Text-to-region grounding data
---+---

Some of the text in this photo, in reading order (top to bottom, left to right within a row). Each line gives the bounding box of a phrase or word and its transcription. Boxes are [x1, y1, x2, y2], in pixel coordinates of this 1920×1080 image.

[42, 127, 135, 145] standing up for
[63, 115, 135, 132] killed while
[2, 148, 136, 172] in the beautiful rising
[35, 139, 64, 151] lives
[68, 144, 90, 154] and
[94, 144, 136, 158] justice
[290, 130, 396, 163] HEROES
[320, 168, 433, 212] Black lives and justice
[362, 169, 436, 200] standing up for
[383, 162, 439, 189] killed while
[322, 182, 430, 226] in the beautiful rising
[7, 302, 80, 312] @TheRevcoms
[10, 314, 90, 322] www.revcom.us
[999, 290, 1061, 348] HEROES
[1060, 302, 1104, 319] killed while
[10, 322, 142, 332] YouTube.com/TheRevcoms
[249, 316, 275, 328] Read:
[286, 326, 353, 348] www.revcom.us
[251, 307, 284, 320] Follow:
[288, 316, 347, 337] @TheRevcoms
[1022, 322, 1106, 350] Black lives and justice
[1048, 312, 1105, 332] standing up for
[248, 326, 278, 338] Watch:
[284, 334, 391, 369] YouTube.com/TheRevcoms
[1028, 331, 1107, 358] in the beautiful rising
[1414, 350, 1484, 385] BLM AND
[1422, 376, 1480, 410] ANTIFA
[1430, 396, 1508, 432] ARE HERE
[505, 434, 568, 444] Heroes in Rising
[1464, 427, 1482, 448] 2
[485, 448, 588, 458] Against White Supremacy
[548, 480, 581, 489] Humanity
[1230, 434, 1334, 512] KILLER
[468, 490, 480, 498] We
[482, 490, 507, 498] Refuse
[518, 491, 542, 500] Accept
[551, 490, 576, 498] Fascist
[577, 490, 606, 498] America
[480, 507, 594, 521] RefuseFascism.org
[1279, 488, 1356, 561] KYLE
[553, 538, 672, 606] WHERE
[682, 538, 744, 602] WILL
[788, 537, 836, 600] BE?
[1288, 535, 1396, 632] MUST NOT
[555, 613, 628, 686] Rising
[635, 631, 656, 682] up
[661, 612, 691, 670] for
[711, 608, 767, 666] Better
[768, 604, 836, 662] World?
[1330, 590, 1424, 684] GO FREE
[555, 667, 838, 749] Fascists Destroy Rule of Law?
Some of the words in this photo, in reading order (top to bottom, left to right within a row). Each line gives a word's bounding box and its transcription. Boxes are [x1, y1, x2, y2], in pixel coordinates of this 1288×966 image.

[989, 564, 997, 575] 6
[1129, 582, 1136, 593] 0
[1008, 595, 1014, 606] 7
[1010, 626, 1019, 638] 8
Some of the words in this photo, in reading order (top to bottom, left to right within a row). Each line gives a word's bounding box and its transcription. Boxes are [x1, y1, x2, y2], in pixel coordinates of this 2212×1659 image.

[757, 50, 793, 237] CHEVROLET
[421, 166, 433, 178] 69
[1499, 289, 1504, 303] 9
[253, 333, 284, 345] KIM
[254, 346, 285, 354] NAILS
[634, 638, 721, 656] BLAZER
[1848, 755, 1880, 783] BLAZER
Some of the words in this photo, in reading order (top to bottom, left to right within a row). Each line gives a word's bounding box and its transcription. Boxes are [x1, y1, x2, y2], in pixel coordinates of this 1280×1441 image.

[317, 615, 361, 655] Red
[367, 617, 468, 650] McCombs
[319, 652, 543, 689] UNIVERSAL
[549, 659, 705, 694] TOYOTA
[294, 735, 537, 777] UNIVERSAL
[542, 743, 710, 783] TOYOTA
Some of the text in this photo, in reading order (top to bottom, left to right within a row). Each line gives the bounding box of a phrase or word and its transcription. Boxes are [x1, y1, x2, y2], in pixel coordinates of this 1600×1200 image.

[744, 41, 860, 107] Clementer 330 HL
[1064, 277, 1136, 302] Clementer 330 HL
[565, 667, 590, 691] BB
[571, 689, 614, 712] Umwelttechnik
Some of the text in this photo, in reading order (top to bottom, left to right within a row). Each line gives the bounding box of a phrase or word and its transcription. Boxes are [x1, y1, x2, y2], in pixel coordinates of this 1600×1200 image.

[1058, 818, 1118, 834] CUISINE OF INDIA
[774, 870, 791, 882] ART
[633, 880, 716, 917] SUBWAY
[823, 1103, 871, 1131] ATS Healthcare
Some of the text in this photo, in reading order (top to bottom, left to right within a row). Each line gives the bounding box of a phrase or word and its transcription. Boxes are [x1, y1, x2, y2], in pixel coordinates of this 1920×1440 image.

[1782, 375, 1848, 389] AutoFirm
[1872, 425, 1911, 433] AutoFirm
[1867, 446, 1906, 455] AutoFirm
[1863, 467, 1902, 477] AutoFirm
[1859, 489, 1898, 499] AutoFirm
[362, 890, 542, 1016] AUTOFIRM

---+---

-- Task objective --
The expected output is every record, repeated exactly.

-- Task result --
Some of the text in this photo, in reading order (top to bottom, left to right within a row). Each line gives the bounding box of a phrase or word and its transcription. Boxes are [x1, y1, x2, y2], in pixel coordinates of this 1920×1080 image.

[42, 127, 135, 145] standing up for
[63, 115, 135, 132] killed while
[2, 148, 136, 172] in the beautiful rising
[35, 139, 64, 151] lives
[68, 144, 90, 154] and
[94, 144, 136, 158] justice
[290, 130, 396, 163] HEROES
[320, 168, 433, 212] Black lives and justice
[362, 169, 436, 200] standing up for
[383, 162, 439, 189] killed while
[322, 182, 430, 226] in the beautiful rising
[7, 302, 80, 312] @TheRevcoms
[10, 314, 90, 322] www.revcom.us
[999, 290, 1061, 348] HEROES
[1060, 302, 1104, 319] killed while
[10, 322, 142, 332] YouTube.com/TheRevcoms
[249, 316, 275, 328] Read:
[286, 326, 353, 348] www.revcom.us
[251, 307, 284, 320] Follow:
[288, 316, 347, 337] @TheRevcoms
[1022, 322, 1106, 350] Black lives and justice
[1048, 312, 1105, 332] standing up for
[248, 326, 278, 338] Watch:
[284, 334, 391, 369] YouTube.com/TheRevcoms
[1028, 331, 1107, 358] in the beautiful rising
[1414, 350, 1484, 385] BLM AND
[1422, 376, 1480, 410] ANTIFA
[1430, 396, 1508, 432] ARE HERE
[505, 434, 568, 444] Heroes in Rising
[1464, 427, 1482, 448] 2
[485, 448, 588, 458] Against White Supremacy
[548, 480, 581, 489] Humanity
[1230, 434, 1334, 512] KILLER
[468, 490, 480, 498] We
[482, 490, 507, 498] Refuse
[518, 491, 542, 500] Accept
[551, 490, 576, 498] Fascist
[577, 490, 606, 498] America
[480, 507, 594, 521] RefuseFascism.org
[1279, 488, 1356, 561] KYLE
[553, 538, 672, 606] WHERE
[682, 538, 744, 602] WILL
[788, 537, 836, 600] BE?
[1288, 535, 1396, 632] MUST NOT
[555, 613, 628, 686] Rising
[635, 631, 656, 682] up
[661, 612, 691, 670] for
[711, 608, 767, 666] Better
[768, 604, 836, 662] World?
[1330, 590, 1424, 684] GO FREE
[555, 667, 838, 749] Fascists Destroy Rule of Law?
Some of the words in this photo, in reading order (top to bottom, left to right within a row). Each line gives a word's bounding box and its transcription. Boxes are [x1, y1, x2, y2], in pixel coordinates of this 1288×966 image.

[989, 564, 997, 575] 6
[1129, 582, 1136, 593] 0
[1008, 595, 1014, 606] 7
[1010, 626, 1019, 638] 8
Some of the words in this photo, in reading order (top to bottom, left to right within a row). Each line gives a word's bounding box and its transcription. Boxes are [x1, y1, x2, y2], in pixel coordinates of this 2212×1659 image.

[757, 50, 793, 237] CHEVROLET
[421, 166, 433, 178] 69
[1499, 289, 1504, 303] 9
[253, 333, 284, 345] KIM
[254, 346, 285, 354] NAILS
[634, 638, 721, 656] BLAZER
[1848, 755, 1880, 783] BLAZER
Some of the words in this photo, in reading order (top to bottom, left to right within a row). Each line gives a word's bounding box and its transcription. Boxes are [x1, y1, x2, y2], in pixel coordinates of this 1280×1441 image.

[317, 615, 361, 655] Red
[367, 617, 468, 650] McCombs
[319, 652, 543, 689] UNIVERSAL
[549, 659, 705, 694] TOYOTA
[294, 735, 537, 777] UNIVERSAL
[542, 743, 710, 783] TOYOTA
Some of the text in this photo, in reading order (top to bottom, left to right within a row). Each line gives the bounding box of a phrase or word and its transcription. Boxes are [x1, y1, x2, y2], in pixel coordinates of this 1600×1200 image.

[744, 41, 860, 107] Clementer 330 HL
[1064, 277, 1136, 302] Clementer 330 HL
[565, 667, 590, 691] BB
[571, 689, 614, 712] Umwelttechnik
Some of the text in this photo, in reading order (top to bottom, left to right within a row). Each line gives the bounding box of a phrase or word and its transcription. Boxes are [x1, y1, x2, y2], in pixel coordinates of this 1600×1200 image.

[1058, 818, 1118, 834] CUISINE OF INDIA
[774, 870, 791, 882] ART
[633, 880, 716, 917] SUBWAY
[823, 1103, 871, 1131] ATS Healthcare
Some of the text in this photo, in reading order (top to bottom, left to right within a row). Each line gives the bounding box of a phrase or word and its transcription. Boxes are [x1, y1, x2, y2], in pixel coordinates of this 1920×1440 image.

[1782, 375, 1848, 389] AutoFirm
[1872, 425, 1911, 433] AutoFirm
[1867, 446, 1906, 455] AutoFirm
[1863, 467, 1902, 477] AutoFirm
[1859, 489, 1898, 499] AutoFirm
[362, 890, 542, 1016] AUTOFIRM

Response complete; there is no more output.